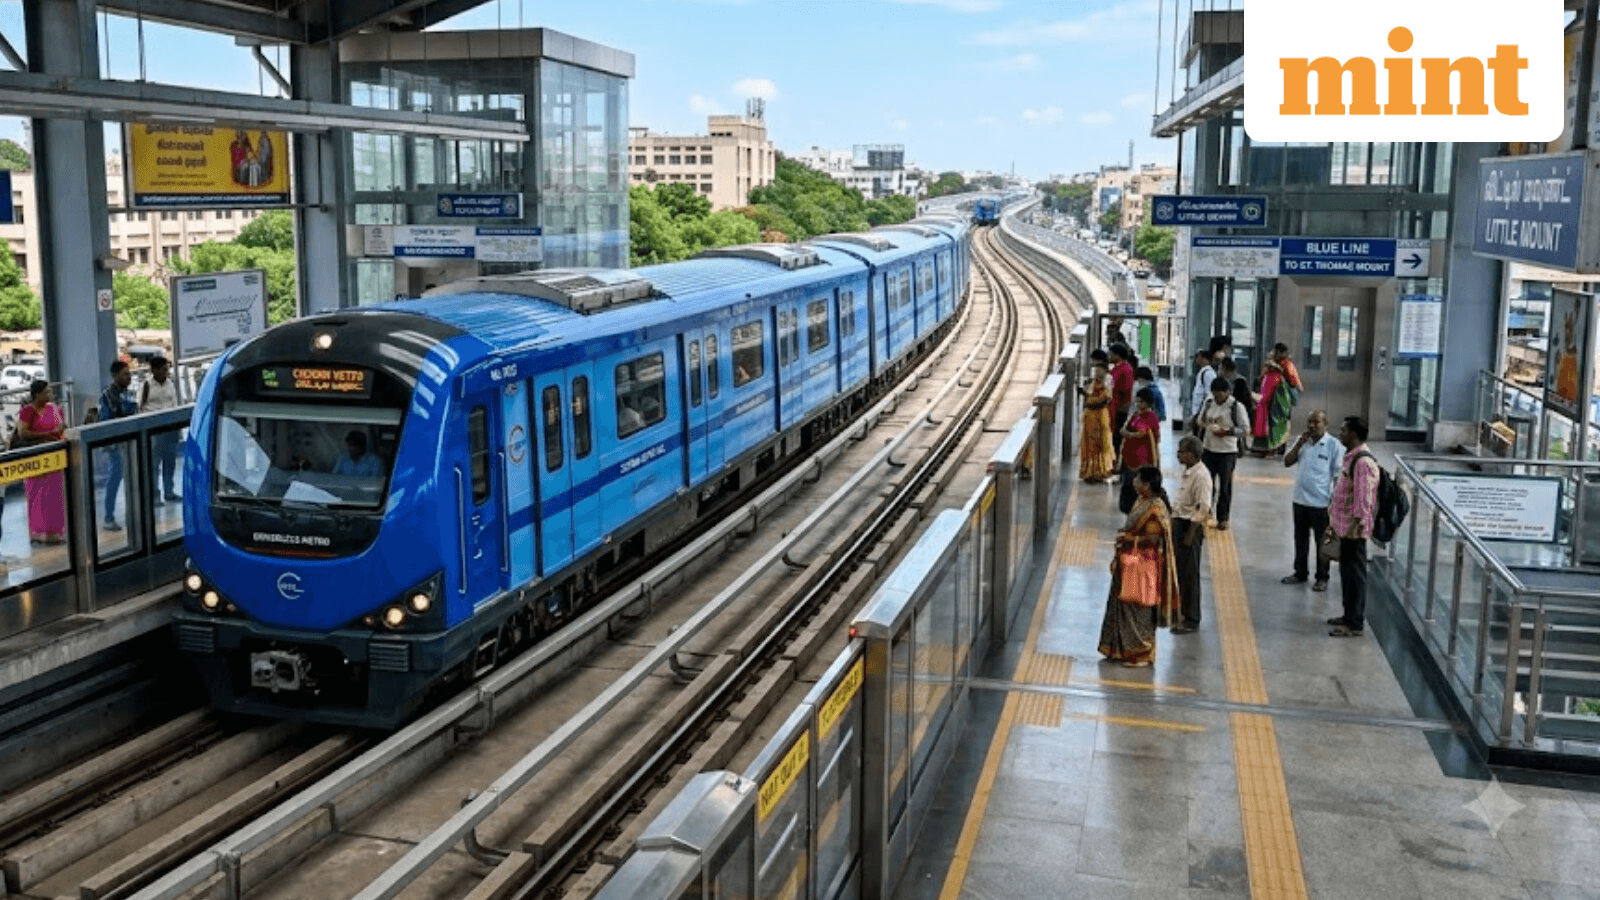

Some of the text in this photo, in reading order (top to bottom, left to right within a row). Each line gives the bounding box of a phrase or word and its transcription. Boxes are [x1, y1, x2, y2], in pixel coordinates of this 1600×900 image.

[1485, 218, 1563, 252] LITTLE MOUNT
[1306, 242, 1370, 254] BLUE LINE
[1284, 260, 1298, 270] TO
[1356, 262, 1391, 272] MOUNT

* * * * * * * * *

[What is being asked]: Without copying any picture, repeat all of the entries exactly.

[Output below]:
Some of the text in this photo, in reading order (top to bottom, left to right within a row). Each line gives the bounding box of a phrase or word and its transcription. Boxes are [x1, y1, x2, y2], in pixel coordinates of this 1600×900 image.

[1485, 218, 1563, 252] LITTLE MOUNT
[1306, 242, 1370, 254] BLUE LINE
[1284, 260, 1298, 270] TO
[1356, 262, 1391, 272] MOUNT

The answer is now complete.